In the metadata-files directory I added two samples used in various places in this blog. They are also available as part of the sample metadata on the schema Github.
For the template I used the ‘Hub View’ templates from the Virtual Data Warehouse load pattern directory, and this file is copied to the template-files directory.
Last, but not least, I copied the RunDwhAutomation executable to the compiler directory.
That’s all you need.
Setting up the pipeline
Now all the required components are available and it’s time to configure the pipeline. In the above screenshot the ‘azure-pipelines.yml’ file is already visible. This is because the pipeline definition itself is also managed in the same Git repository.
Pipeline files are usually in Yaml format, which is text-based and thus easy to manage in Git.
While it is possible to write the pipeline using a text editor it is often easier to use the GUI that is available in Azure DevOps. There are various wizards available there that simplify the creation of the Yaml segments.

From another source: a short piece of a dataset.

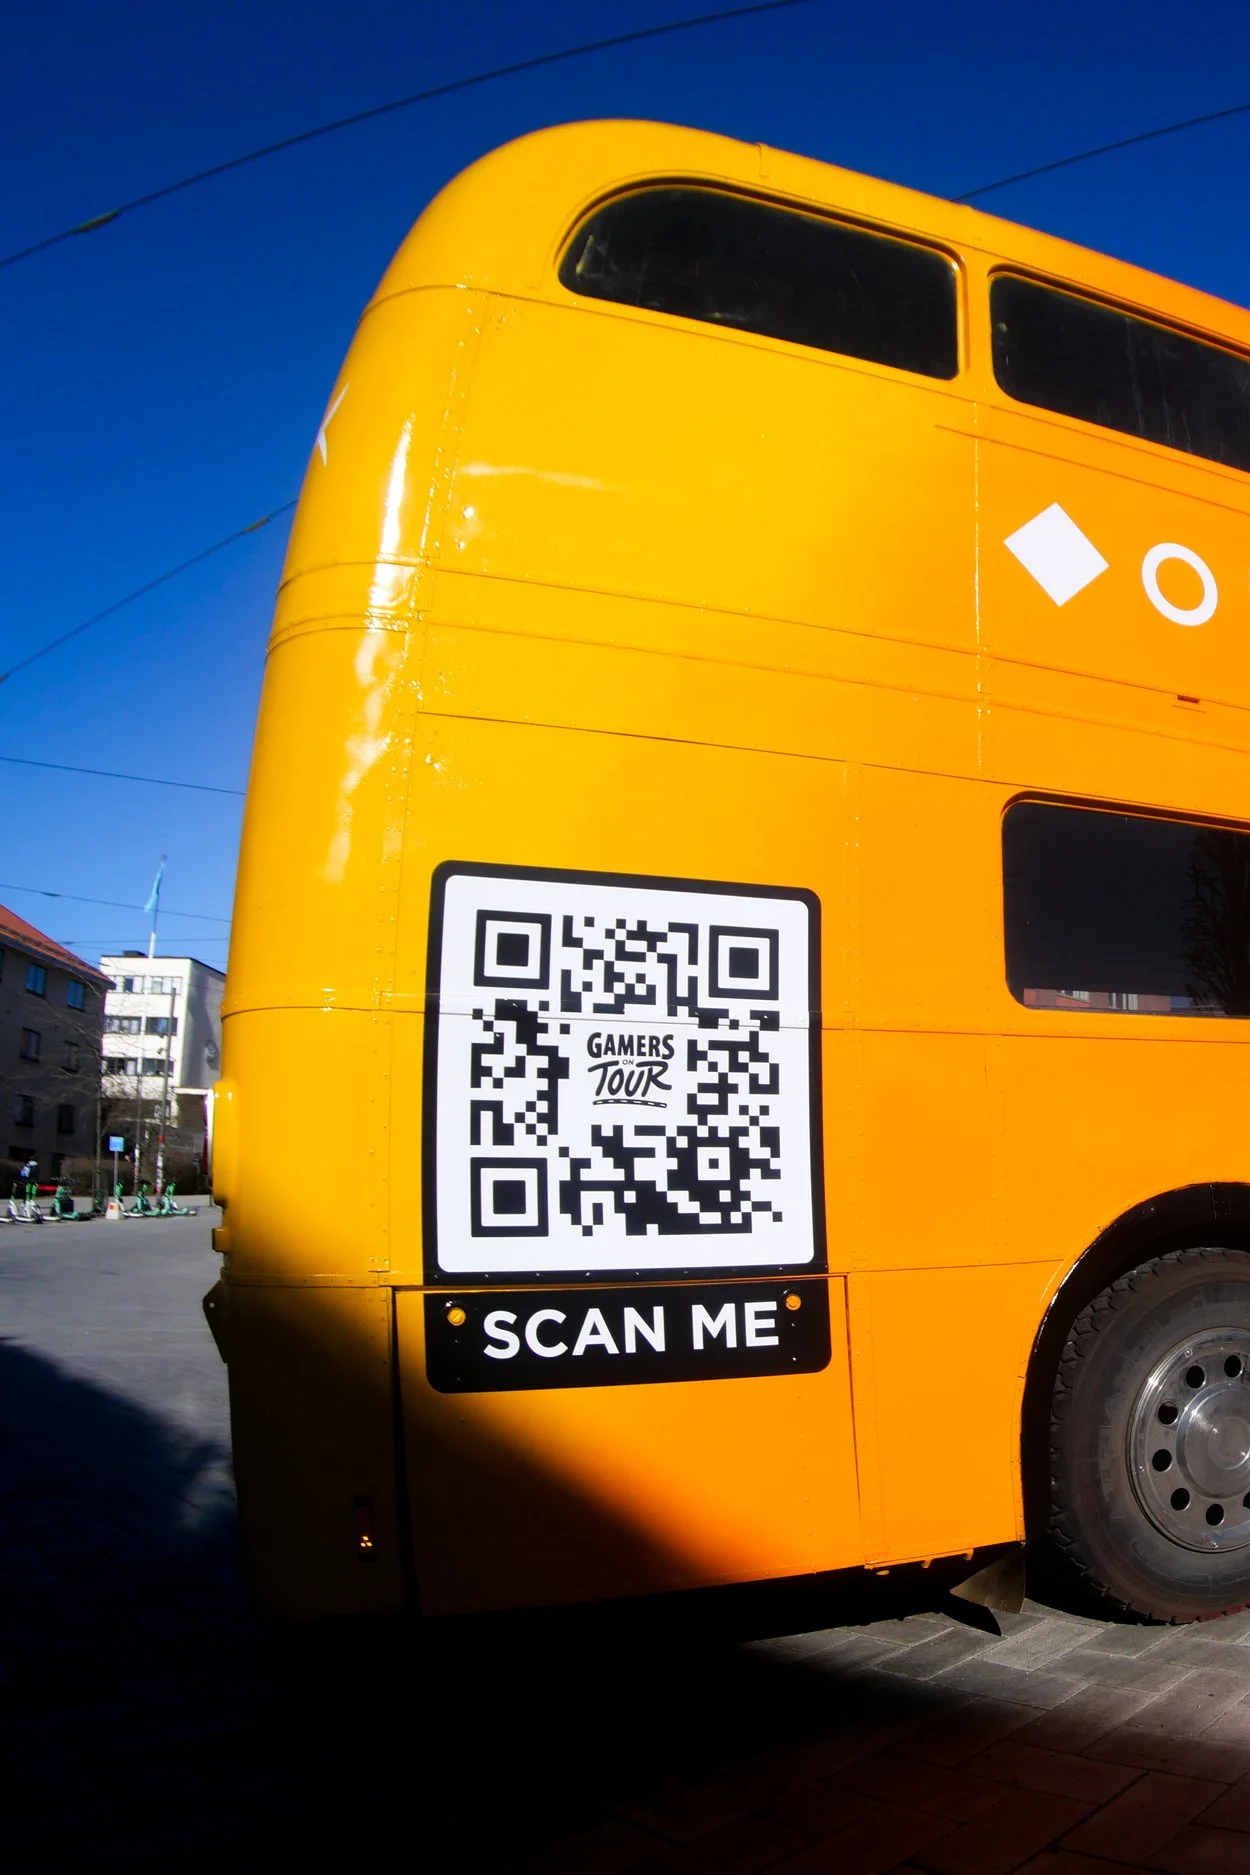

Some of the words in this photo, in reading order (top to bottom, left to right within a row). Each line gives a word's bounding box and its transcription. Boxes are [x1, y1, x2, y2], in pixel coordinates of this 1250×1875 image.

[586, 1032, 675, 1060] GAMERS
[587, 1060, 672, 1097] TOUR
[482, 1305, 667, 1360] SCAN
[690, 1300, 780, 1351] ME

The pipeline here contains the following definitions:
#Data Warehouse Automation
trigger:
- main
pool:
vmImage: 'windows-latest'
steps:
- task: CopyFiles@2
name: CopyInputMetadata
inputs:
SourceFolder: 'metadata-files'
Contents: '**'
TargetFolder: '$(Build.SourcesDirectory)\compile'
CleanTargetFolder: true
OverWrite: true
- task: CmdLine@2
name: GenerateSQL
inputs:
script: '$(Build.SourcesDirectory)\compiler\RunDwhAutomation.exe -i $(Build.SourcesDirectory)\compile\ -p $(Build.SourcesDirectory)\template-files\loadPatternHubView.handlebars -v -o -e sql -d $(Build.SourcesDirectory)\output\'
- publish: $(Build.SourcesDirectory)\compile\
artifact: output
This (very basic) pipeline works as follows:
- A trigger checks the ‘main’ branch in the repository. So, if a change is detected via a commit to the main branch this pipeline will start running. This is useful for example when a Pull Request adds new design metadata into the main branch, because the resulting code will be automatically generated.
- Two tasks are defined as pipeline steps:
- Copy all files from the ‘metadata-files’ directory into a temporary ‘compile’ directory. Strictly not necessary, but added to show how workflows can be shaped.
- Run a Command Line script, in this case calling the RunDwhAutomation.exe with a number of parameters specifying the inputs, outputs and code generation flags.
- Publish the resulting files in the output directory as downloadable artefacts from the pipeline.
The various options to execute RunDwhAutomation are best reviewed by running the program without any parameters or viewing the Github, but what happens here is that all metadata files in the ‘compile’ directory are merged with the loadPatternHubView.handlebars patterns. The result is given a .sql extension and is saved in the ‘output’ directory.
Note that the $(Build.SourcesDirectory) path is an internal variable that points to the root of the repository. This way, there is always a relative path available to the files in the repository when these are used by the pipeline.
Running the pipeline, and reviewing the results
Any commit to the main branch will trigger a pipeline run, but you can also run this from Azure DevOps directly.
When the pipeline runs, it will execute the steps that have been defined earlier and the results can be viewed in the pipeline console.

The generated SQL code is visible because the RunDwhAutomation is configured to spool results to the console (-v flag), and so they are visible via the pipeline also.
Finally, navigating back the pipeline run shows the files made available for further use as published artefacts.

This concludes a simple example of how to set up your own code generation pipeline in Azure DevOps. Happy coding!